• Dataset records:
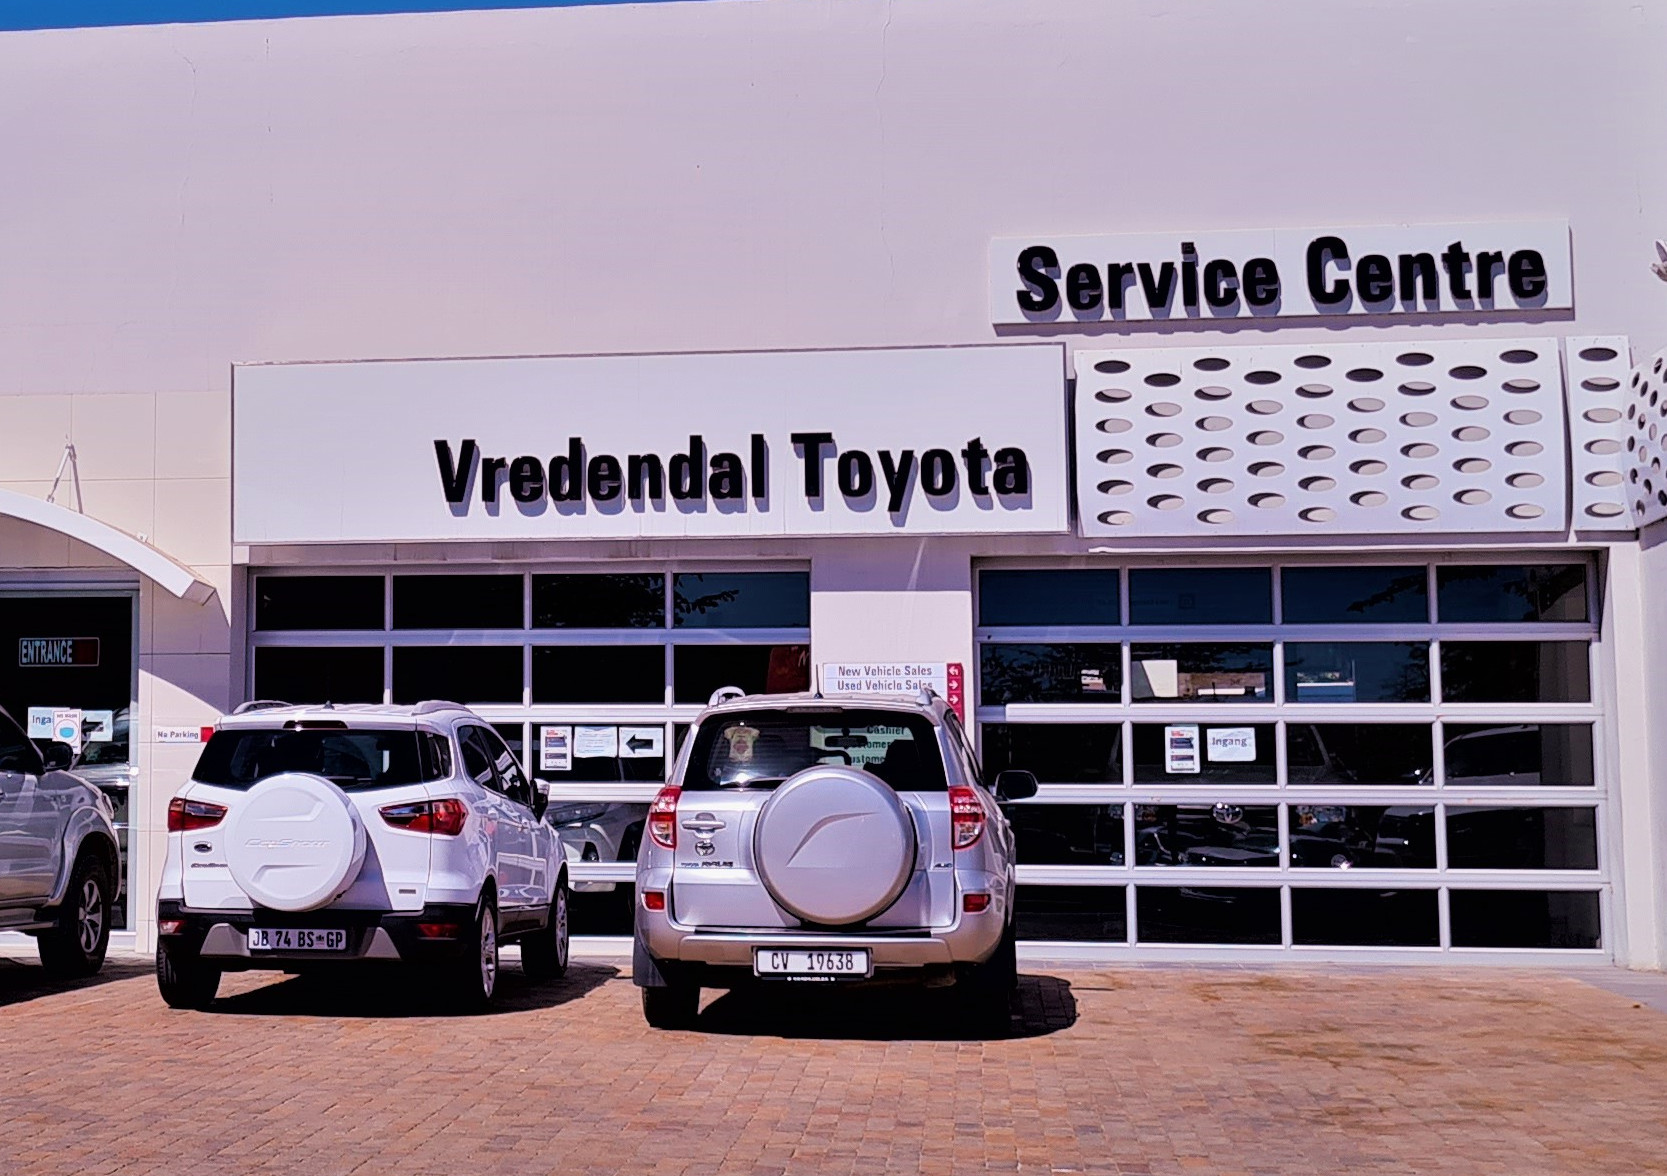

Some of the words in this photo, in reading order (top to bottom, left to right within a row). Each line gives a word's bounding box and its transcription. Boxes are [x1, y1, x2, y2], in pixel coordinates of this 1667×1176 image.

[1015, 241, 1279, 312] Service
[1306, 236, 1546, 308] Centre
[433, 433, 766, 503] Vredendal
[790, 431, 1029, 513] Toyota
[21, 640, 73, 664] ENTRANCE
[838, 666, 861, 676] New
[864, 665, 901, 677] Vehicle
[904, 665, 933, 676] Sales
[837, 680, 862, 691] Used
[865, 680, 902, 691] Vehicle
[32, 715, 53, 726] Inga
[170, 730, 199, 740] Parking
[1211, 737, 1248, 747] Ingang
[275, 930, 292, 947] 74
[297, 931, 315, 947] BS
[326, 931, 343, 947] GP
[771, 952, 790, 970] CV
[807, 953, 854, 970] 19638
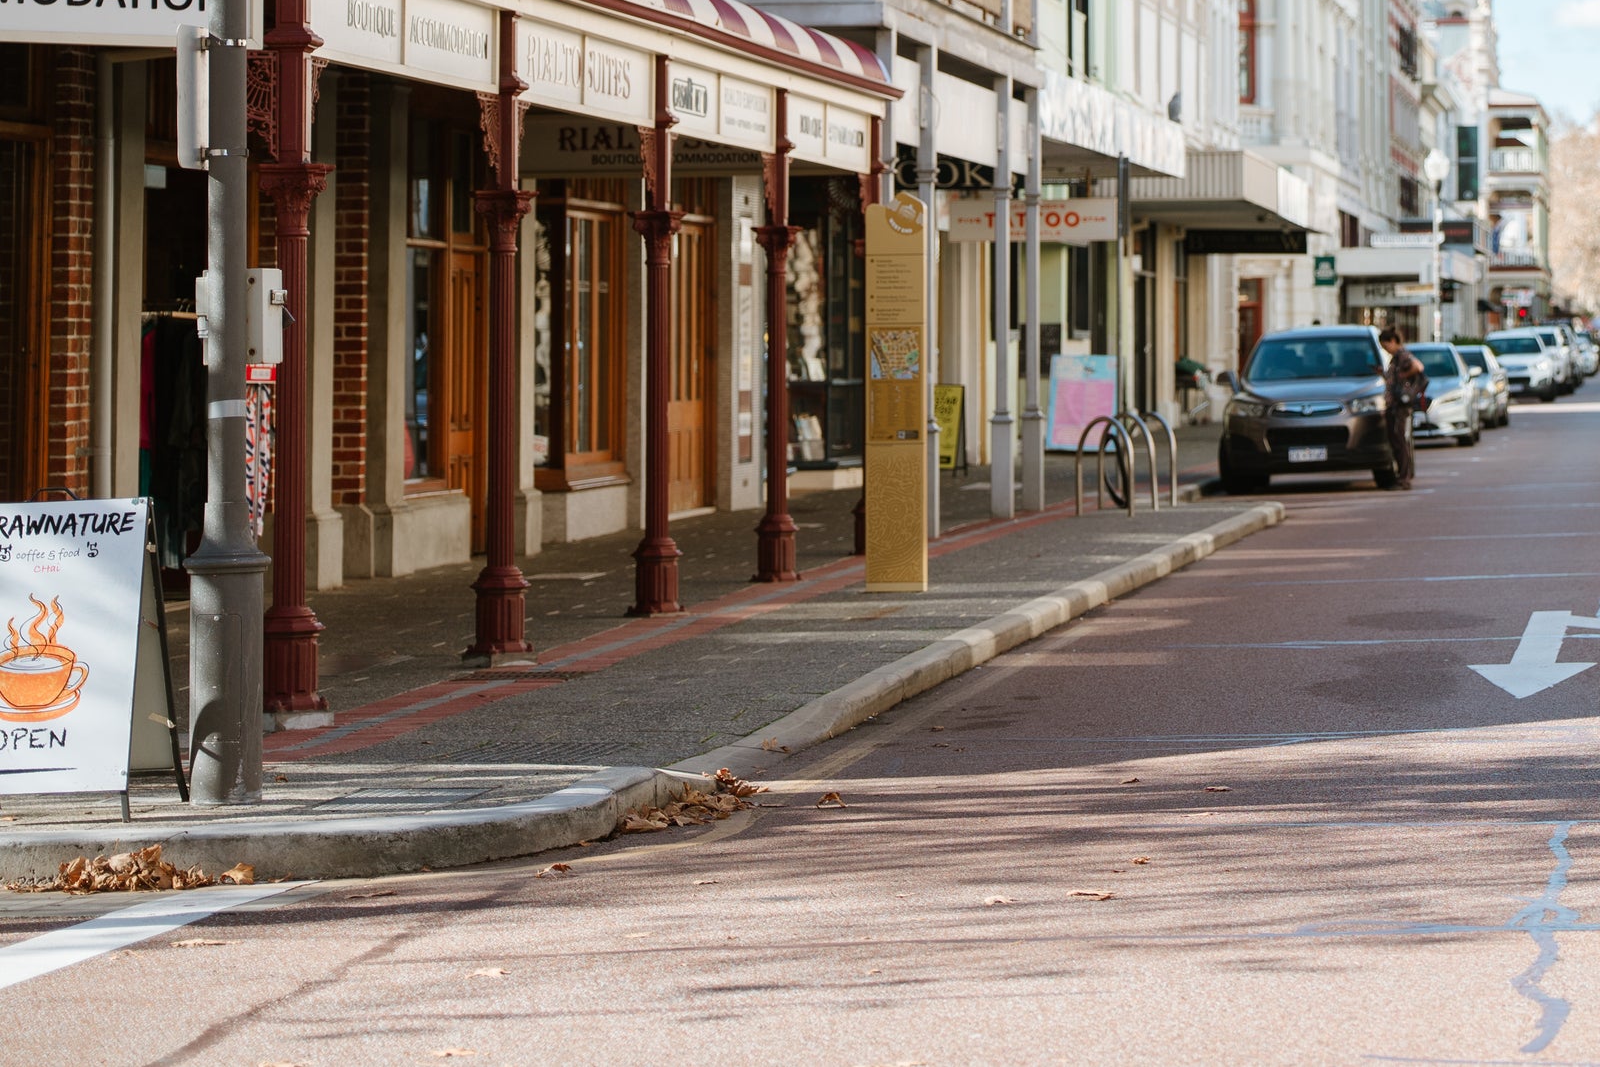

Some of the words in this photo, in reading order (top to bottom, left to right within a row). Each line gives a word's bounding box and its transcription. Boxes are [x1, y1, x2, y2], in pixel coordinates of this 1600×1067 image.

• Task directions: Since the copy should hold text only, set down each record exactly and leave the pictures out.

• Finished task:
Some of the words in this photo, in reading order (top to bottom, left to right within a row). Each line gives a word's bounding box and its transcription. Boxes are [x1, y1, x2, y2], in pixel coordinates of this 1667×1176 image.

[1015, 241, 1279, 312] Service
[1306, 236, 1546, 308] Centre
[433, 433, 766, 503] Vredendal
[790, 431, 1029, 513] Toyota
[21, 640, 73, 664] ENTRANCE
[838, 666, 861, 676] New
[864, 665, 901, 677] Vehicle
[904, 665, 933, 676] Sales
[837, 680, 862, 691] Used
[865, 680, 902, 691] Vehicle
[32, 715, 53, 726] Inga
[170, 730, 199, 740] Parking
[1211, 737, 1248, 747] Ingang
[275, 930, 292, 947] 74
[297, 931, 315, 947] BS
[326, 931, 343, 947] GP
[771, 952, 790, 970] CV
[807, 953, 854, 970] 19638

Some of the words in this photo, in reading order (top to bottom, left to right within a row). Each line gives a word's bounding box and its transcription. Boxes are [x1, y1, x2, y2], in pixel coordinates of this 1600×1067 image.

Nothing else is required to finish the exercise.